L’Europe revient sur activités passées et se projette dans l’avenir, dans le domaine politique essentiel de la recherche. L'UE célèbre 40 années d'investissement dans la recherche et pose les jalons du 10e programme de financement qui couvrira la période de 2028 à 2034.

Les accomplissements passés et les priorités de demain étaient au centre de l’édition 2024 des Journées européennes de la recherche et de l'innovation, qui se sont déroulées à Bruxelles et en ligne les 20 et 21 mars derniers. L'événement a attiré des milliers de décideurs, de chercheurs, de représentants de l'industrie et de visiteurs du grand public.

Horizon Magazine s'est entretenu avec le professeur Manuel Heitor, président d'un groupe d'experts qui évaluera l'actuel programme européen de financement de la recherche (aussi appelé Horizon Europe) et qui définira les priorités du programme qui lui succédera. Avec un financement de près de 100 milliards d'euros pour la période 2021-2027, Horizon Europe représente le troisième poste budgétaire de l'UE.  

M. Heitor est professeur à l’école d’ingénierie et de technologie de l’Université de Lisbonne. Ancien ministre portugais de la Science, de la Technologie et de l’Enseignement supérieur, il aborde dans l’entretien des aspects très divers allant des conséquences de l’invasion de l’Ukraine par la Russie jusqu’à l’objectif de l’Europe de consacrer au moins 3 % de son produit intérieur brut à la recherche et au développement.

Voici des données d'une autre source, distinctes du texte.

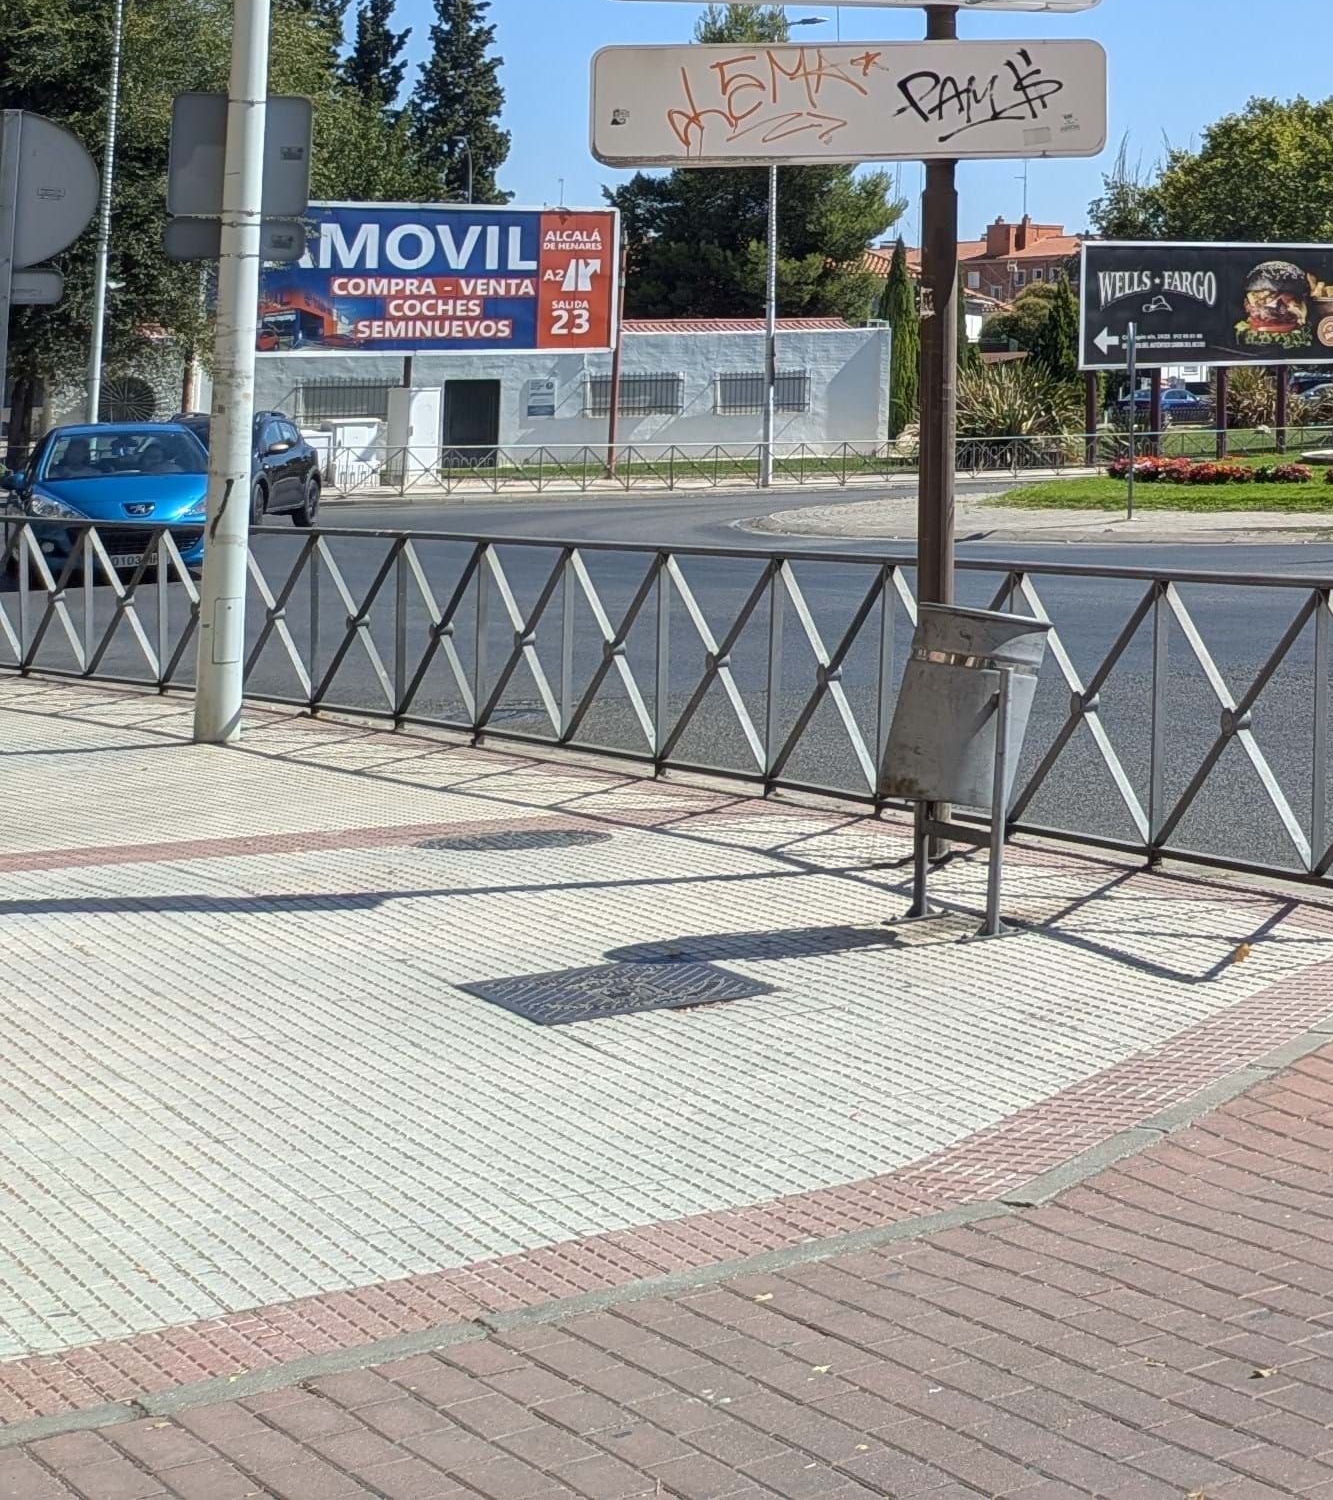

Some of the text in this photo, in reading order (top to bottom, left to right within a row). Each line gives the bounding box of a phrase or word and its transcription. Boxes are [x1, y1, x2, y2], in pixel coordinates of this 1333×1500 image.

[545, 228, 601, 241] ALCALÁ
[298, 223, 537, 270] MOVIL
[543, 242, 555, 250] DE
[543, 269, 564, 281] A2
[333, 278, 436, 296] COMPRA
[459, 279, 535, 296] VENTA
[1098, 271, 1216, 309] WELLS FARGO
[388, 300, 481, 317] COCHES
[552, 300, 589, 309] SALIDA
[356, 320, 510, 338] SEMINUEVOS
[551, 310, 590, 334] 23

Quelles sont les principaux accomplissements de la recherche européenne à ce jour?

L’Europe a tiré de nombreux avantages des programmes-cadres de l’UE. Le nombre d’emplois dans le secteur de la recherche a considérablement augmenté, passant de 1,38 million en 2011 à plus de 2 millions en 2021.

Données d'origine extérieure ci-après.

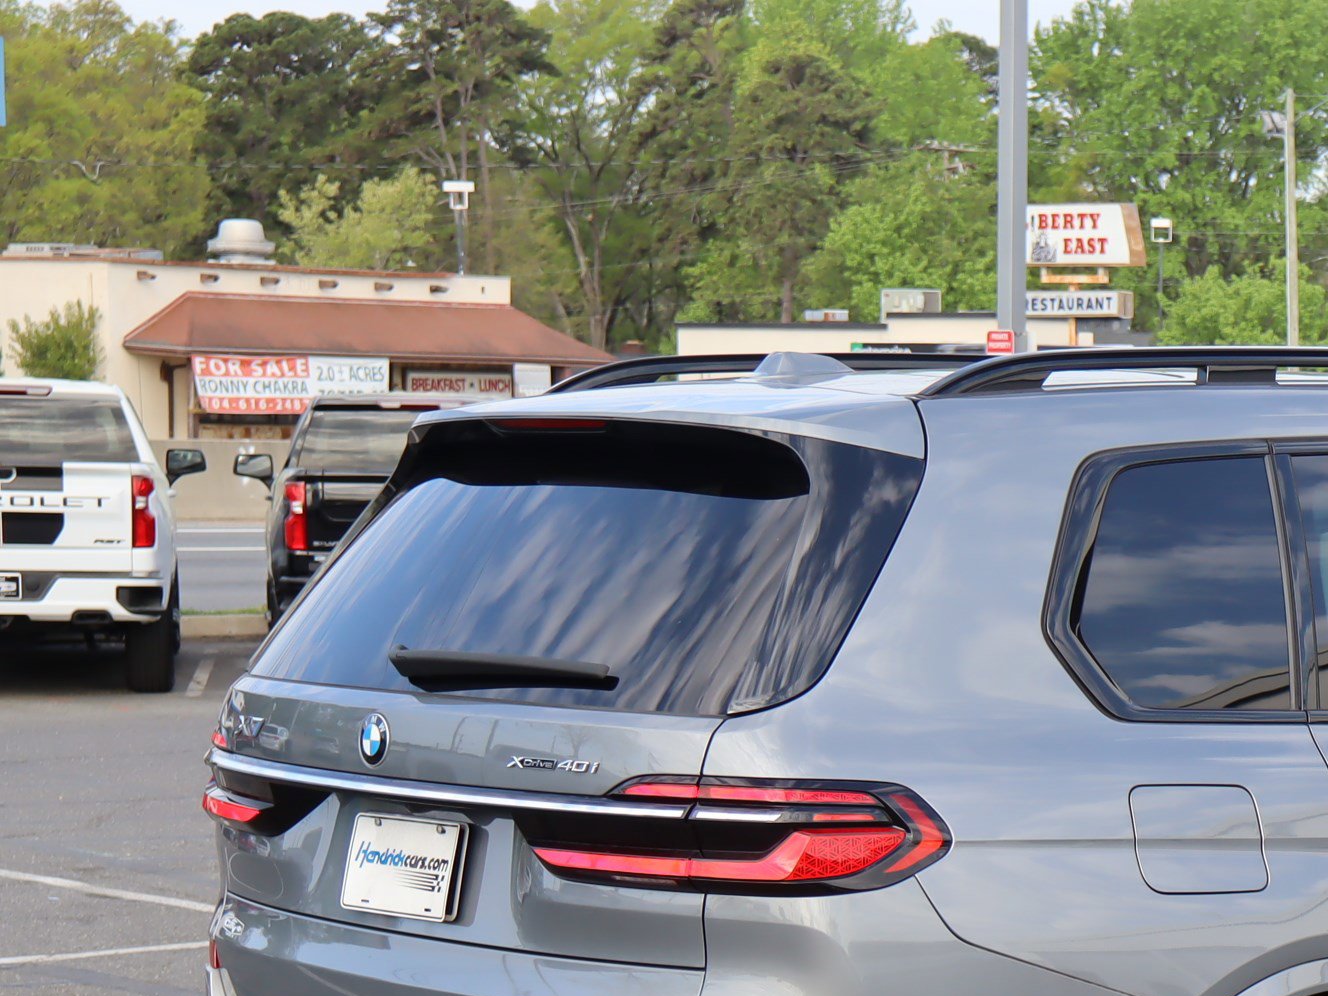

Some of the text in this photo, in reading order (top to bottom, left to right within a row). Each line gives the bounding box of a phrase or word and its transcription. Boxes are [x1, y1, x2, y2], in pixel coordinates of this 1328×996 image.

Les entreprises en ont également profité. Celles qui ont bénéficié d’un financement en faveur de la recherche ont vu leurs effectifs augmenter de 20 % et leur chiffre d'affaires de plus de 30 % par rapport aux autres.

Mais surtout, il y a ce que nous avons appris. Nos villes sont devenues plus durables et plus vertes, principalement grâce à des projets de recherche financés par l'UE. Nous rendons également nos industries plus respectueuses de l’environnement, de la sidérurgie au secteur automobile, en passant par l’industrie de la chaussure et celle du textile. Les activités industrielles ont grandement bénéficié des investissements de l’UE.

À quoi pensez-vous en particulier?

La grande force des programmes réside dans le cadre de collaboration unique qu’ils apportent. La collaboration entre l’industrie et le milieu universitaire, la recherche et l’innovation et entre les différents secteurs a beaucoup contribué à forger l’identité européenne.

Au cours des 20 dernières années, la recherche fondamentale parrainée par le Conseil européen de la recherche (CER) a eu un impact important. Parmi les très nombreux exemples disponibles, on peut citer le développement du vaccin à ARNm pour lutter contre la Covid.

Il y a aussi la contribution du Conseil européen de l’innovation, ainsi que toutes les startups et les entrepreneurs qui ont fortement bénéficié de la recherche fondamentale.

Quels seront les principaux défis à relever dans les années à venir?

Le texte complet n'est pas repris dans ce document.